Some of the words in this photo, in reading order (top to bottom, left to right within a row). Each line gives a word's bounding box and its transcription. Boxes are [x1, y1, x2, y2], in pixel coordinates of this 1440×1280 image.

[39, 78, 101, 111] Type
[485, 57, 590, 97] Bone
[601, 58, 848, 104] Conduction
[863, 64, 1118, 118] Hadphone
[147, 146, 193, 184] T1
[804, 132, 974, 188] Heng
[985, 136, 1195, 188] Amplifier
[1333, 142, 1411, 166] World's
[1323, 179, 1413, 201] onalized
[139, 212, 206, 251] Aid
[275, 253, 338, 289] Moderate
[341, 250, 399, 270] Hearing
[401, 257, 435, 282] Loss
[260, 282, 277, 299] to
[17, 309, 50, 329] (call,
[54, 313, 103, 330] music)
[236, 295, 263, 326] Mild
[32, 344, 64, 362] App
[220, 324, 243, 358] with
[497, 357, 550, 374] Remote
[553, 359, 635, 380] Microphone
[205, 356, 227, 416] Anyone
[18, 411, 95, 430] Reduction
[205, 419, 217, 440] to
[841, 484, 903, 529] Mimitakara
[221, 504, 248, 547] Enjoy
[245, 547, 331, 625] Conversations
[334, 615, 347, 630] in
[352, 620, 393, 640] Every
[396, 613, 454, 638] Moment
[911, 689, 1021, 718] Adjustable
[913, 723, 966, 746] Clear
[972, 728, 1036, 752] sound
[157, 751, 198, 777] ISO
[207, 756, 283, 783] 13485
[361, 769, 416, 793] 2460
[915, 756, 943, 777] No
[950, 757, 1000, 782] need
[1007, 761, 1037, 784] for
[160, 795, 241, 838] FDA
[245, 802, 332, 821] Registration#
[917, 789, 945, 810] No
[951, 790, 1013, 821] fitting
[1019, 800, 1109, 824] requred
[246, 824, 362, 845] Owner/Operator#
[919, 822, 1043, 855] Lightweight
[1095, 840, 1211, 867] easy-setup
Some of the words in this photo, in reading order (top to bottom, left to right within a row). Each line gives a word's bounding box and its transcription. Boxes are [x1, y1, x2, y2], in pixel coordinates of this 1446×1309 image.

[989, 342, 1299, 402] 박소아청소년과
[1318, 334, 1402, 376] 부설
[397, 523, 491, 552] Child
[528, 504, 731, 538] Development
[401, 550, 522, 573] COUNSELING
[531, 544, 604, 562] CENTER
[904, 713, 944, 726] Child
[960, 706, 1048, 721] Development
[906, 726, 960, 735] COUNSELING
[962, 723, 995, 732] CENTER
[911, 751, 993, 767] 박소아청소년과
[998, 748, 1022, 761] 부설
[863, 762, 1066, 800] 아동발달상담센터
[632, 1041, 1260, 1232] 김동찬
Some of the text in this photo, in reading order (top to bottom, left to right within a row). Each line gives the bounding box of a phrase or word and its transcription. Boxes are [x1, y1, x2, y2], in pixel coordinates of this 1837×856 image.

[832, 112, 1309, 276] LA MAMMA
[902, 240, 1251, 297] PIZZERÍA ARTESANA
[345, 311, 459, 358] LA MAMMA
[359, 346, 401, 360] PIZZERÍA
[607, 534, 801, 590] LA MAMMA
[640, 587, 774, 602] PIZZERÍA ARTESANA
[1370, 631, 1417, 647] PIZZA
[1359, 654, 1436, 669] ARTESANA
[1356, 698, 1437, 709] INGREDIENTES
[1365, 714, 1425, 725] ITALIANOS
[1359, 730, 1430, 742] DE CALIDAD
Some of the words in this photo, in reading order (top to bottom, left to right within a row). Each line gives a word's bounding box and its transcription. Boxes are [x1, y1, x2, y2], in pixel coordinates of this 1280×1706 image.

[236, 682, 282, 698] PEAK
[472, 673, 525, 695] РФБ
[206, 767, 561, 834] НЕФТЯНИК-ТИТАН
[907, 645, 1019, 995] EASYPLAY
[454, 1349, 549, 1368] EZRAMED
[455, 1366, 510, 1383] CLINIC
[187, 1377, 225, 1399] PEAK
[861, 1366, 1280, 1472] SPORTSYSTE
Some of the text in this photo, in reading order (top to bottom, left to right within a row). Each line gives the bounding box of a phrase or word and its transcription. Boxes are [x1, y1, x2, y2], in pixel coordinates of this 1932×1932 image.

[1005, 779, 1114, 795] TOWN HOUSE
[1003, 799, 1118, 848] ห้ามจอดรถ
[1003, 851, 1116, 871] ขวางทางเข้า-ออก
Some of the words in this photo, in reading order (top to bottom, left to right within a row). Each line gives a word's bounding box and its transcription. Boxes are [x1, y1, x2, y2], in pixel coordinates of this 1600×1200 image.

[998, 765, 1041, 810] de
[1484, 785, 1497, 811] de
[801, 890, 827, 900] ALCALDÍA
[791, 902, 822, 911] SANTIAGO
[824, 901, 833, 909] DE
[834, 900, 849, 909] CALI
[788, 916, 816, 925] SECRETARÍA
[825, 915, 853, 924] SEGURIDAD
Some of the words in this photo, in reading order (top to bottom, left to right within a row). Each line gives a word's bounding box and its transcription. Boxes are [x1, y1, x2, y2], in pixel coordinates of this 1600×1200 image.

● **Task to carry out**:
I need each of the entries above printed again exactly.

● **Output for this task**:
Some of the words in this photo, in reading order (top to bottom, left to right within a row). Each line gives a word's bounding box and its transcription. Boxes are [x1, y1, x2, y2], in pixel coordinates of this 1440×1280 image.

[39, 78, 101, 111] Type
[485, 57, 590, 97] Bone
[601, 58, 848, 104] Conduction
[863, 64, 1118, 118] Hadphone
[147, 146, 193, 184] T1
[804, 132, 974, 188] Heng
[985, 136, 1195, 188] Amplifier
[1333, 142, 1411, 166] World's
[1323, 179, 1413, 201] onalized
[139, 212, 206, 251] Aid
[275, 253, 338, 289] Moderate
[341, 250, 399, 270] Hearing
[401, 257, 435, 282] Loss
[260, 282, 277, 299] to
[17, 309, 50, 329] (call,
[54, 313, 103, 330] music)
[236, 295, 263, 326] Mild
[32, 344, 64, 362] App
[220, 324, 243, 358] with
[497, 357, 550, 374] Remote
[553, 359, 635, 380] Microphone
[205, 356, 227, 416] Anyone
[18, 411, 95, 430] Reduction
[205, 419, 217, 440] to
[841, 484, 903, 529] Mimitakara
[221, 504, 248, 547] Enjoy
[245, 547, 331, 625] Conversations
[334, 615, 347, 630] in
[352, 620, 393, 640] Every
[396, 613, 454, 638] Moment
[911, 689, 1021, 718] Adjustable
[913, 723, 966, 746] Clear
[972, 728, 1036, 752] sound
[157, 751, 198, 777] ISO
[207, 756, 283, 783] 13485
[361, 769, 416, 793] 2460
[915, 756, 943, 777] No
[950, 757, 1000, 782] need
[1007, 761, 1037, 784] for
[160, 795, 241, 838] FDA
[245, 802, 332, 821] Registration#
[917, 789, 945, 810] No
[951, 790, 1013, 821] fitting
[1019, 800, 1109, 824] requred
[246, 824, 362, 845] Owner/Operator#
[919, 822, 1043, 855] Lightweight
[1095, 840, 1211, 867] easy-setup
Some of the words in this photo, in reading order (top to bottom, left to right within a row). Each line gives a word's bounding box and its transcription. Boxes are [x1, y1, x2, y2], in pixel coordinates of this 1446×1309 image.

[989, 342, 1299, 402] 박소아청소년과
[1318, 334, 1402, 376] 부설
[397, 523, 491, 552] Child
[528, 504, 731, 538] Development
[401, 550, 522, 573] COUNSELING
[531, 544, 604, 562] CENTER
[904, 713, 944, 726] Child
[960, 706, 1048, 721] Development
[906, 726, 960, 735] COUNSELING
[962, 723, 995, 732] CENTER
[911, 751, 993, 767] 박소아청소년과
[998, 748, 1022, 761] 부설
[863, 762, 1066, 800] 아동발달상담센터
[632, 1041, 1260, 1232] 김동찬
Some of the text in this photo, in reading order (top to bottom, left to right within a row). Each line gives the bounding box of a phrase or word and its transcription. Boxes are [x1, y1, x2, y2], in pixel coordinates of this 1837×856 image.

[832, 112, 1309, 276] LA MAMMA
[902, 240, 1251, 297] PIZZERÍA ARTESANA
[345, 311, 459, 358] LA MAMMA
[359, 346, 401, 360] PIZZERÍA
[607, 534, 801, 590] LA MAMMA
[640, 587, 774, 602] PIZZERÍA ARTESANA
[1370, 631, 1417, 647] PIZZA
[1359, 654, 1436, 669] ARTESANA
[1356, 698, 1437, 709] INGREDIENTES
[1365, 714, 1425, 725] ITALIANOS
[1359, 730, 1430, 742] DE CALIDAD
Some of the words in this photo, in reading order (top to bottom, left to right within a row). Each line gives a word's bounding box and its transcription. Boxes are [x1, y1, x2, y2], in pixel coordinates of this 1280×1706 image.

[236, 682, 282, 698] PEAK
[472, 673, 525, 695] РФБ
[206, 767, 561, 834] НЕФТЯНИК-ТИТАН
[907, 645, 1019, 995] EASYPLAY
[454, 1349, 549, 1368] EZRAMED
[455, 1366, 510, 1383] CLINIC
[187, 1377, 225, 1399] PEAK
[861, 1366, 1280, 1472] SPORTSYSTE
Some of the text in this photo, in reading order (top to bottom, left to right within a row). Each line gives the bounding box of a phrase or word and its transcription. Boxes are [x1, y1, x2, y2], in pixel coordinates of this 1932×1932 image.

[1005, 779, 1114, 795] TOWN HOUSE
[1003, 799, 1118, 848] ห้ามจอดรถ
[1003, 851, 1116, 871] ขวางทางเข้า-ออก
Some of the words in this photo, in reading order (top to bottom, left to right within a row). Each line gives a word's bounding box and its transcription. Boxes are [x1, y1, x2, y2], in pixel coordinates of this 1600×1200 image.

[998, 765, 1041, 810] de
[1484, 785, 1497, 811] de
[801, 890, 827, 900] ALCALDÍA
[791, 902, 822, 911] SANTIAGO
[824, 901, 833, 909] DE
[834, 900, 849, 909] CALI
[788, 916, 816, 925] SECRETARÍA
[825, 915, 853, 924] SEGURIDAD
Some of the words in this photo, in reading order (top to bottom, left to right within a row). Each line gives a word's bounding box and its transcription. Boxes are [x1, y1, x2, y2], in pixel coordinates of this 1600×1200 image.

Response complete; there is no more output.